Output each entry in full so that the result matches the data exactly.

Segment Open

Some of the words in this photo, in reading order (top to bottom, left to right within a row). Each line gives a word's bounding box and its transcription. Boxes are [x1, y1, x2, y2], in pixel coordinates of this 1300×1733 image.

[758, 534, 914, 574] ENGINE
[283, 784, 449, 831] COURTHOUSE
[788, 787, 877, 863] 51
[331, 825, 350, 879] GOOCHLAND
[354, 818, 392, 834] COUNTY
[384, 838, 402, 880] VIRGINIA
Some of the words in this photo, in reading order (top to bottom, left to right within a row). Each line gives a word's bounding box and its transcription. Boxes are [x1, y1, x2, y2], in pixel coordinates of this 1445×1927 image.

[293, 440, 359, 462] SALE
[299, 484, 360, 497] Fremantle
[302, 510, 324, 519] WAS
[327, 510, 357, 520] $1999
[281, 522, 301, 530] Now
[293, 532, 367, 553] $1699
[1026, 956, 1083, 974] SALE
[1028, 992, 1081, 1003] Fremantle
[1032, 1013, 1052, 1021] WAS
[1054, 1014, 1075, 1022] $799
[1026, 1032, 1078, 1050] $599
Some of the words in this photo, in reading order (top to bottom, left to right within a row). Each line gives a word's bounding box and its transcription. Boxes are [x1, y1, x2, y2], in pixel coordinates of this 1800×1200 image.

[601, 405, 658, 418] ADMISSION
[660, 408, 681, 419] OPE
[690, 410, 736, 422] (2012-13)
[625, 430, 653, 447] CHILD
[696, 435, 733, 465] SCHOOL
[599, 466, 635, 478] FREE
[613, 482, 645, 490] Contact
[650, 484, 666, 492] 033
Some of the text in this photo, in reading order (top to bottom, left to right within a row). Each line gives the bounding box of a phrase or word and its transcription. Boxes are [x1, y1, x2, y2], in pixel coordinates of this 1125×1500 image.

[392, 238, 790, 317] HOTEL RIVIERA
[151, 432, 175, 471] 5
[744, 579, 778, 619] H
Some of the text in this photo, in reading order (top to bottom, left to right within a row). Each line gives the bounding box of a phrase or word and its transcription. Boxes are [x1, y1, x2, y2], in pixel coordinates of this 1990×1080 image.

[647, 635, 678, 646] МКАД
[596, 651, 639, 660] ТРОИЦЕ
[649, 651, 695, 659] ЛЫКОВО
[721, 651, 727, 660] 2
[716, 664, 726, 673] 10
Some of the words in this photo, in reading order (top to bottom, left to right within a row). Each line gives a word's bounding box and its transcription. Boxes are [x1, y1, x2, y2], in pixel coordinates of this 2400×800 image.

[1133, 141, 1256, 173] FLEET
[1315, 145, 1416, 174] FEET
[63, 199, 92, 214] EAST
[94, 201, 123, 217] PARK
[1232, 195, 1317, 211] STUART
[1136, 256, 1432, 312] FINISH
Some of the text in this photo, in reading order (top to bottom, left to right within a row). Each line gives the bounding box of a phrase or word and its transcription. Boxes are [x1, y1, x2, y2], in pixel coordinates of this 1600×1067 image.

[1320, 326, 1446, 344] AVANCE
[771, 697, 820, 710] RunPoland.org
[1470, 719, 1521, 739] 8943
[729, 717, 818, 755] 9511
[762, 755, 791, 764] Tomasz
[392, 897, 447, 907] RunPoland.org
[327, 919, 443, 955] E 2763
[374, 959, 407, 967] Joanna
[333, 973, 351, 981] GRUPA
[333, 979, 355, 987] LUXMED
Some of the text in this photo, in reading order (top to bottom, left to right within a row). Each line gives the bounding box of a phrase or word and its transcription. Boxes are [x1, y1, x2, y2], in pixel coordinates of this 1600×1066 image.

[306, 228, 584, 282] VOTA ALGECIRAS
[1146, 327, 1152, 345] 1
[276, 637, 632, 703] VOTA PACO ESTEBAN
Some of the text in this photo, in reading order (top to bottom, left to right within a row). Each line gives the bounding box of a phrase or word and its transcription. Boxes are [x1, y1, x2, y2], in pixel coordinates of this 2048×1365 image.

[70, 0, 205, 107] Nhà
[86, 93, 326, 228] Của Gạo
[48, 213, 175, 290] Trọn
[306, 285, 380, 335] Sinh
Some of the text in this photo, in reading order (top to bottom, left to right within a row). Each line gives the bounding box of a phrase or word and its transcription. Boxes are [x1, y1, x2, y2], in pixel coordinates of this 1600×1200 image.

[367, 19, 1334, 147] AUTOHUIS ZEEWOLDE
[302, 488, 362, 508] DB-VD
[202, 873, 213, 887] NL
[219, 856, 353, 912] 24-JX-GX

Segment Closed

__ANSWER SECTION__
Some of the words in this photo, in reading order (top to bottom, left to right within a row). Each line gives a word's bounding box and its transcription. Boxes are [x1, y1, x2, y2], in pixel coordinates of this 1300×1733 image.

[758, 534, 914, 574] ENGINE
[283, 784, 449, 831] COURTHOUSE
[788, 787, 877, 863] 51
[331, 825, 350, 879] GOOCHLAND
[354, 818, 392, 834] COUNTY
[384, 838, 402, 880] VIRGINIA
Some of the words in this photo, in reading order (top to bottom, left to right within a row). Each line gives a word's bounding box and its transcription. Boxes are [x1, y1, x2, y2], in pixel coordinates of this 1445×1927 image.

[293, 440, 359, 462] SALE
[299, 484, 360, 497] Fremantle
[302, 510, 324, 519] WAS
[327, 510, 357, 520] $1999
[281, 522, 301, 530] Now
[293, 532, 367, 553] $1699
[1026, 956, 1083, 974] SALE
[1028, 992, 1081, 1003] Fremantle
[1032, 1013, 1052, 1021] WAS
[1054, 1014, 1075, 1022] $799
[1026, 1032, 1078, 1050] $599
Some of the words in this photo, in reading order (top to bottom, left to right within a row). Each line gives a word's bounding box and its transcription. Boxes are [x1, y1, x2, y2], in pixel coordinates of this 1800×1200 image.

[601, 405, 658, 418] ADMISSION
[660, 408, 681, 419] OPE
[690, 410, 736, 422] (2012-13)
[625, 430, 653, 447] CHILD
[696, 435, 733, 465] SCHOOL
[599, 466, 635, 478] FREE
[613, 482, 645, 490] Contact
[650, 484, 666, 492] 033
Some of the text in this photo, in reading order (top to bottom, left to right within a row). Each line gives the bounding box of a phrase or word and its transcription. Boxes are [x1, y1, x2, y2], in pixel coordinates of this 1125×1500 image.

[392, 238, 790, 317] HOTEL RIVIERA
[151, 432, 175, 471] 5
[744, 579, 778, 619] H
Some of the text in this photo, in reading order (top to bottom, left to right within a row). Each line gives the bounding box of a phrase or word and its transcription. Boxes are [x1, y1, x2, y2], in pixel coordinates of this 1990×1080 image.

[647, 635, 678, 646] МКАД
[596, 651, 639, 660] ТРОИЦЕ
[649, 651, 695, 659] ЛЫКОВО
[721, 651, 727, 660] 2
[716, 664, 726, 673] 10
Some of the words in this photo, in reading order (top to bottom, left to right within a row). Each line gives a word's bounding box and its transcription. Boxes are [x1, y1, x2, y2], in pixel coordinates of this 2400×800 image.

[1133, 141, 1256, 173] FLEET
[1315, 145, 1416, 174] FEET
[63, 199, 92, 214] EAST
[94, 201, 123, 217] PARK
[1232, 195, 1317, 211] STUART
[1136, 256, 1432, 312] FINISH
Some of the text in this photo, in reading order (top to bottom, left to right within a row). Each line gives the bounding box of a phrase or word and its transcription. Boxes are [x1, y1, x2, y2], in pixel coordinates of this 1600×1067 image.

[1320, 326, 1446, 344] AVANCE
[771, 697, 820, 710] RunPoland.org
[1470, 719, 1521, 739] 8943
[729, 717, 818, 755] 9511
[762, 755, 791, 764] Tomasz
[392, 897, 447, 907] RunPoland.org
[327, 919, 443, 955] E 2763
[374, 959, 407, 967] Joanna
[333, 973, 351, 981] GRUPA
[333, 979, 355, 987] LUXMED
Some of the text in this photo, in reading order (top to bottom, left to right within a row). Each line gives the bounding box of a phrase or word and its transcription. Boxes are [x1, y1, x2, y2], in pixel coordinates of this 1600×1066 image.

[306, 228, 584, 282] VOTA ALGECIRAS
[1146, 327, 1152, 345] 1
[276, 637, 632, 703] VOTA PACO ESTEBAN
Some of the text in this photo, in reading order (top to bottom, left to right within a row). Each line gives the bounding box of a phrase or word and its transcription. Boxes are [x1, y1, x2, y2], in pixel coordinates of this 2048×1365 image.

[70, 0, 205, 107] Nhà
[86, 93, 326, 228] Của Gạo
[48, 213, 175, 290] Trọn
[306, 285, 380, 335] Sinh
Some of the text in this photo, in reading order (top to bottom, left to right within a row). Each line gives the bounding box of a phrase or word and its transcription. Boxes are [x1, y1, x2, y2], in pixel coordinates of this 1600×1200 image.

[367, 19, 1334, 147] AUTOHUIS ZEEWOLDE
[302, 488, 362, 508] DB-VD
[202, 873, 213, 887] NL
[219, 856, 353, 912] 24-JX-GX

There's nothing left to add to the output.